The StatisticsDataPatch (if you can get it working) would tell you the MotionThruPut, which is the maximum rate that could be recorded into a film. If that, say, is 10fps, then it is not possible to record 30fps video while performing motion detection.

There is some logic in the source code which detects motion using a fast or slower method. It goes like this:
  • Normally the fast motion detection algorithm is used (alg_diff_fast) which looks at at every other pixel. This routine does not handle masks, or night compensation (only the slower algorithm does that).
  • If motion is detected using the fast algorithm, motion then appliesthe slower one to find out exactly how much motion there is. Or discount it if it falls under a mask, etc.
  • If motion has been detected (in any thread, see note above) then for each subsequent frame until post_capture expires, in order to see if there's still motion we don't bother trying the fast one first and just use the standard algorithm.

It does seem strange that the CPU power required increases once a motion is detected. And perhaps an oversight that motion detected in any thread will cause side-effects in others. Perhaps it has remained since motion was converted from a single-camera application to multi-camera.
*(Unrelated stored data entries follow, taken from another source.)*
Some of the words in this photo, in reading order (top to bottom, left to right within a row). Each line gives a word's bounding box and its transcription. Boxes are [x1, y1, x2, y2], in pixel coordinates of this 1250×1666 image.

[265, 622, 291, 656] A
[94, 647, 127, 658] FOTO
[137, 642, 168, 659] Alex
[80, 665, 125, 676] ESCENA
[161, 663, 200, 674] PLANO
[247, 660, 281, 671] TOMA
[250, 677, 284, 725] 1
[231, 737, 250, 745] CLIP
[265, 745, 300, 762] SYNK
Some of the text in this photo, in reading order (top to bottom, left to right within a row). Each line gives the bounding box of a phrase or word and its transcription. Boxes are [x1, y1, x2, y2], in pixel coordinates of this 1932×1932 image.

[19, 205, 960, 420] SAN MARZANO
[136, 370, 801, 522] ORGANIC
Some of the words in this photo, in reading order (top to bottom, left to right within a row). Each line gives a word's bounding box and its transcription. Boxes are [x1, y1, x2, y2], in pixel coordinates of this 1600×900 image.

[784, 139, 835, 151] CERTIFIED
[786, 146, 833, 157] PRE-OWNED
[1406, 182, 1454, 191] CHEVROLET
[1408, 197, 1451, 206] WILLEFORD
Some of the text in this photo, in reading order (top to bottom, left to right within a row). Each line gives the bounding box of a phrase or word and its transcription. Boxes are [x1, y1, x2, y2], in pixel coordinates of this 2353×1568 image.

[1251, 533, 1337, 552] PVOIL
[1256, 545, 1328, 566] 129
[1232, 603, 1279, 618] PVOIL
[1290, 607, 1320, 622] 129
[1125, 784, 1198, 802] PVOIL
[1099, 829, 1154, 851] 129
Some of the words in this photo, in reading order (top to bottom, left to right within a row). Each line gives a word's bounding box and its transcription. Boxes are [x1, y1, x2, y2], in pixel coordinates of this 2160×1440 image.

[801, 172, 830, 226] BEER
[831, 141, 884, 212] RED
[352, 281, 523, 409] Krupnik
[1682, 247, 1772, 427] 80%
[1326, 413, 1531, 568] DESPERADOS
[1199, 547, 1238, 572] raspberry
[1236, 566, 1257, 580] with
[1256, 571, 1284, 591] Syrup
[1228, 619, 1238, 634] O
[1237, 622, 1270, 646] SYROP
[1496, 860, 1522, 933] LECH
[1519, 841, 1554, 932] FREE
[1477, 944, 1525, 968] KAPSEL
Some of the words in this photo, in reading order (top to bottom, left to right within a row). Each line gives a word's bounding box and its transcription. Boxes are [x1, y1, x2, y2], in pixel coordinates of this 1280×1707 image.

For my application with my slow server, I thought of altering this logic but have not done so yet. It would have to be under control of a config file option, to set a 'fast motion detection only' mode. Possible changes would be to use the 'fast' algorithm at all times (obviously the limitations of that would be clear, no masks and no nightcompensation). This should free up some CPU horsepower during motion events which might get more frames per second into the film (unless something else is a bottleneck too).

I could do some patches (in a medium time-frame) to experiment with some of these things if you would like to test them.